According to Afshine Ash Emrani, MD, the worst news in healthcare isn’t antibiotic resistance, drug-drug interactions, hospital-acquired infections, and definitely not the alarming rate of obesity in our youth.

No, the worst news is the increasing number of dissatisfied physicians.

The physician, also known in the system as a “provider,” has become a target assaulted by the government. Fee-for-service physicians are squeezed to do less when they need to — order fewer tests, order fewer medications — to save insurance companies money. While at the same time, emergency physicians are forced to run so many tests by law, at jacked up prices, that uninsured patients go bankrupt!

Ironic, right!? You have the insurance companies pulling docs one way — DON’T PRACTICE MEDICINE, SAVE US MONEY. And then you have the government pulling you the other way, saying, PERFORM GRATUITOUS HEALTHCARE WHEN PEOPLE ARE IN DESPERATE SITUATIONS.

AND HOSPITALS CHARGE A TON OF CASH FOR THESE LABS/TESTS/PROCEDURES SINCE PATIENTS DON’T KNOW WHAT ANYTHING COSTS.

AND THEY HAVE TO CHARGE A LOT BECAUSE OH YEAH — INSURANCE COMPANIES MAKE IT IMPOSSIBLE TO GET PAID.

Welcome to the broken American healthcare system.

This insurance-mandated logic has reduced samples of medications to offices and placed more bureaucracy to get authorization for much needed medications and procedures. Simply put, they believe more red tape means less cost.

But this isn’t logical. And it’s brewed a rebellion by doctors.

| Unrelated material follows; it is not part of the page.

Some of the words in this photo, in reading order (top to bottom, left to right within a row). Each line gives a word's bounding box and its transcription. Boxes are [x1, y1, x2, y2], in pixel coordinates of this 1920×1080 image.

Over the past decade, doctors have been squeezed by insurance companies with decreasing revenues and Medicare payment cuts while the cost of running an office has steadily increased. Insurance companies constantly send threatening letters to doctors to charge less and spend less time with patients. The advances in medicine have paradoxically caused more concern for fee-for-service doctors: They can do more, but they must contain costs, all the while afraid of being sued for missing a rare but deadly disease.

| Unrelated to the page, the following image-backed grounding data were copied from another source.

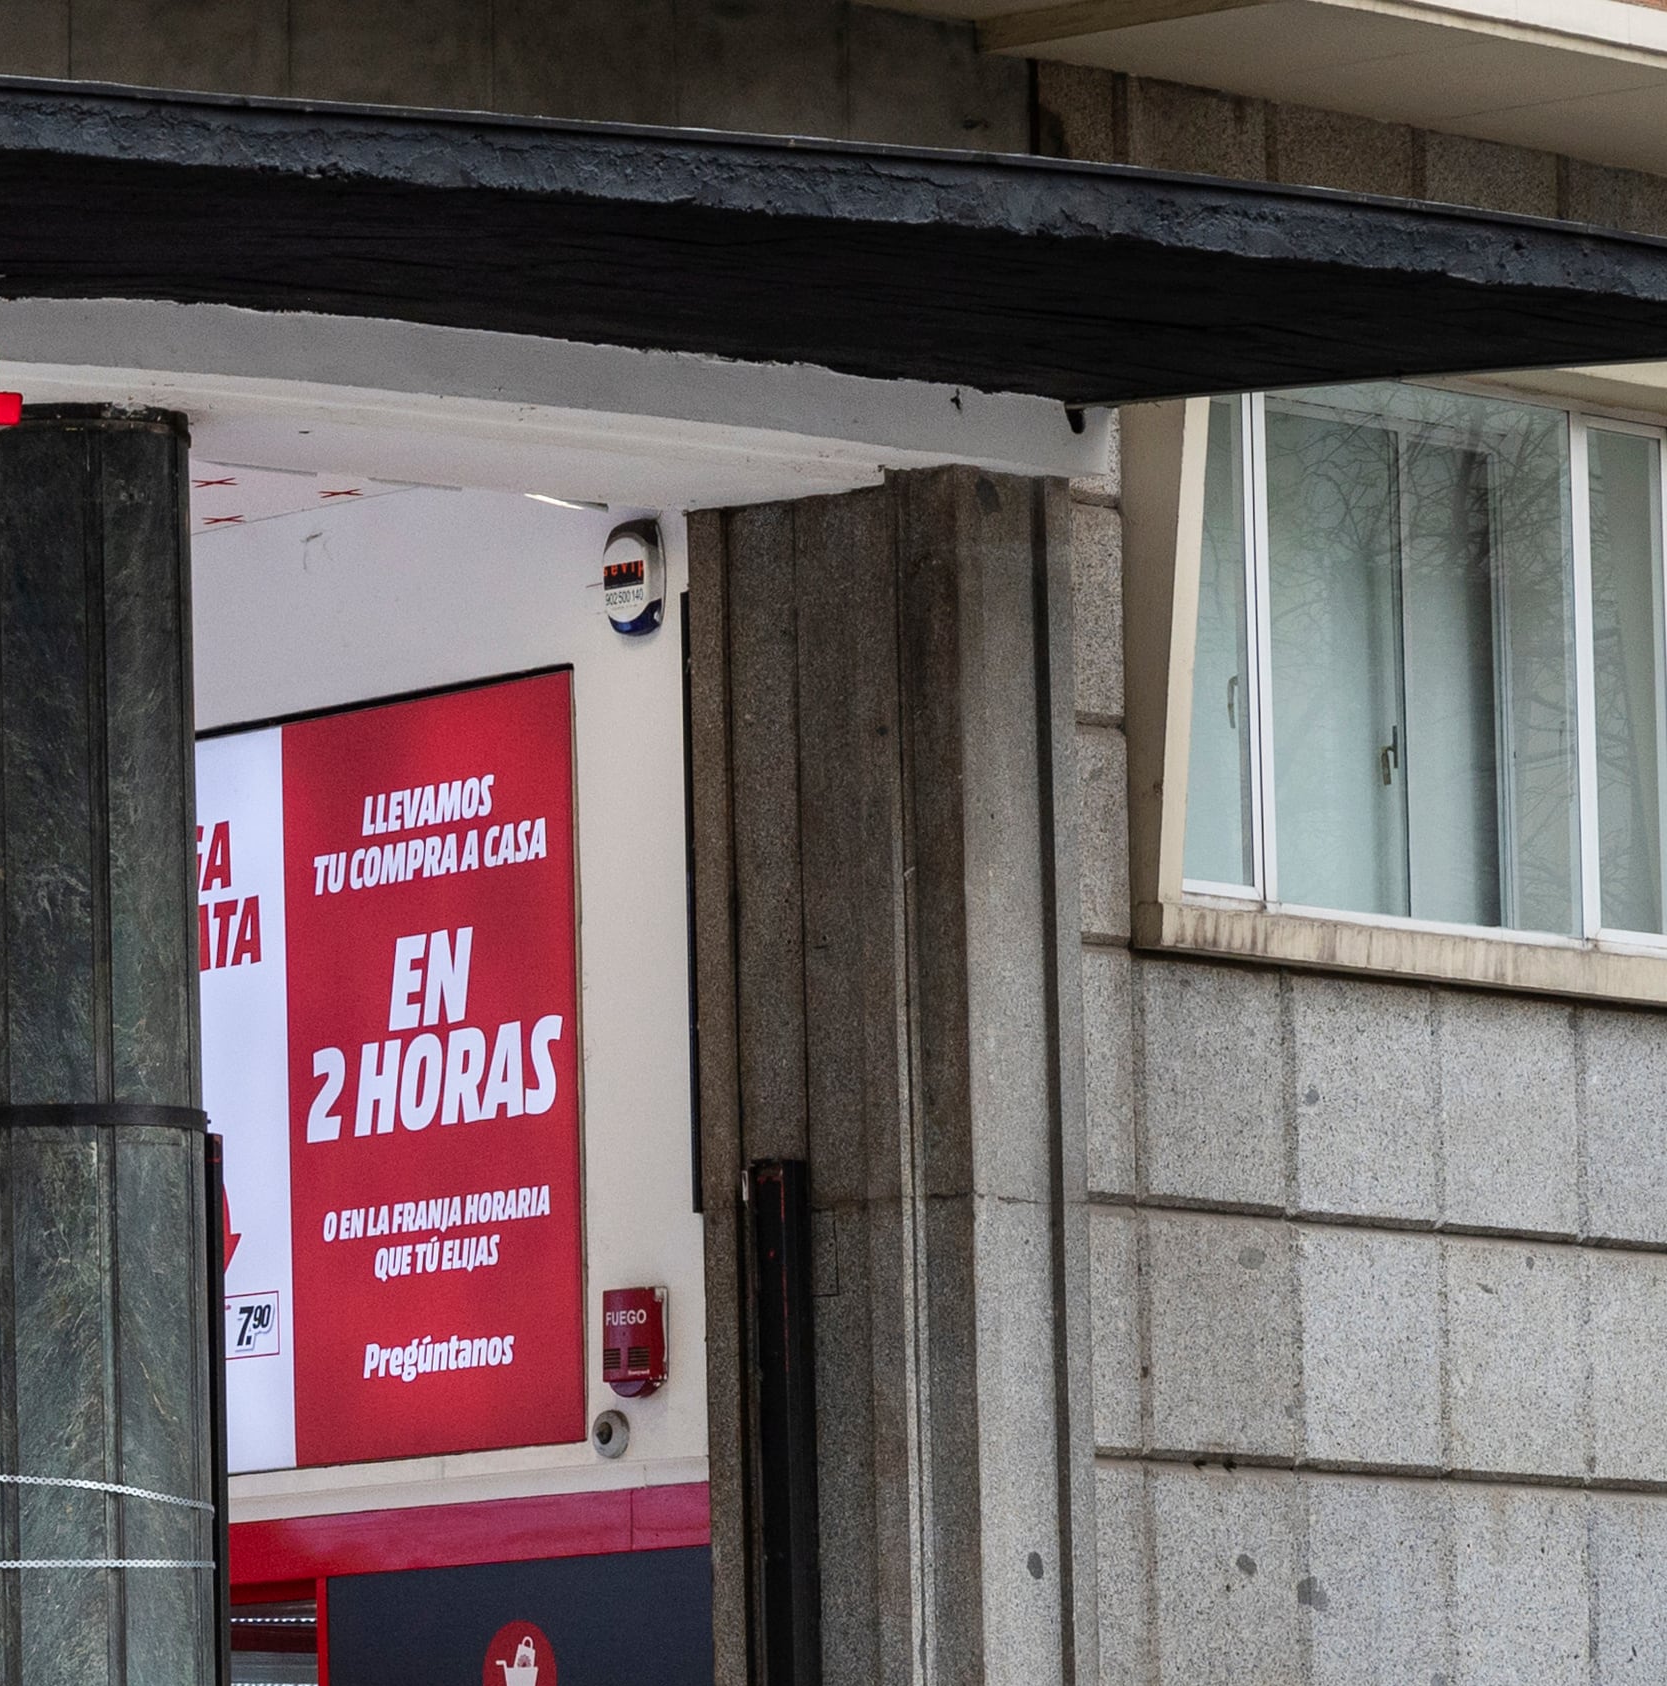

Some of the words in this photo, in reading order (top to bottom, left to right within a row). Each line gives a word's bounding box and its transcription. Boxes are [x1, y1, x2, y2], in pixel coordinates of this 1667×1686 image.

[361, 774, 495, 837] LLEVAMOS
[313, 852, 347, 896] TU
[349, 833, 457, 890] COMPRA
[460, 829, 479, 872] A
[483, 817, 547, 868] CASA
[388, 926, 473, 1031] EN
[307, 1047, 346, 1146] 2
[355, 1015, 563, 1138] HORAS
[323, 1211, 338, 1242] O
[339, 1208, 365, 1240] EN
[366, 1205, 390, 1237] LA
[392, 1196, 461, 1233] FRANJA
[464, 1184, 551, 1225] HORARIA
[374, 1245, 413, 1282] QUE
[415, 1236, 440, 1273] TÚ
[441, 1234, 501, 1272] ELIJAS
[605, 1309, 647, 1326] FUEGO
[363, 1335, 514, 1380] Pregúntanos

Doctors are broken. Dr. Afshine writes, “I see them walking around campus avoiding eye contact, hardly smiling. When time permits, few break out in quick psychotherapy sessions to complain about the system, the way cancer survivors do.”

We saw this coming and that’s why we don’t deal with insurance.

Really, though, does our society think that angry, dissatisfied doctors will deliver better care?

With the unleashed assaults on physicians by the government, stringent reporting requirements, and difficult third party reimbursement, the satisfaction with the practice of primary care is dwindling. Fee-for-service doctors spend three to five times as much on filling out forms and documentation than in the room talking to the patient who desperately needs us.

We have a doctor shortage, and the gap between what we’ll have and what we’ll need is widening!

Given the current climate of insurance-based medicine, do you think students are going to want to study primary care, the least compensated discipline?

No, because that’s not how the market works.

Yes, our healthcare system is disintegrating. Doctors are busy taking care of patients AND dealing with insurance companies. Direct care doctors are working on taking care of patients and campaigning to wake patients up to the reality of our broken healthcare system.

We need patients to fight for the providers of care, or else we are headed for the sickest system in the world.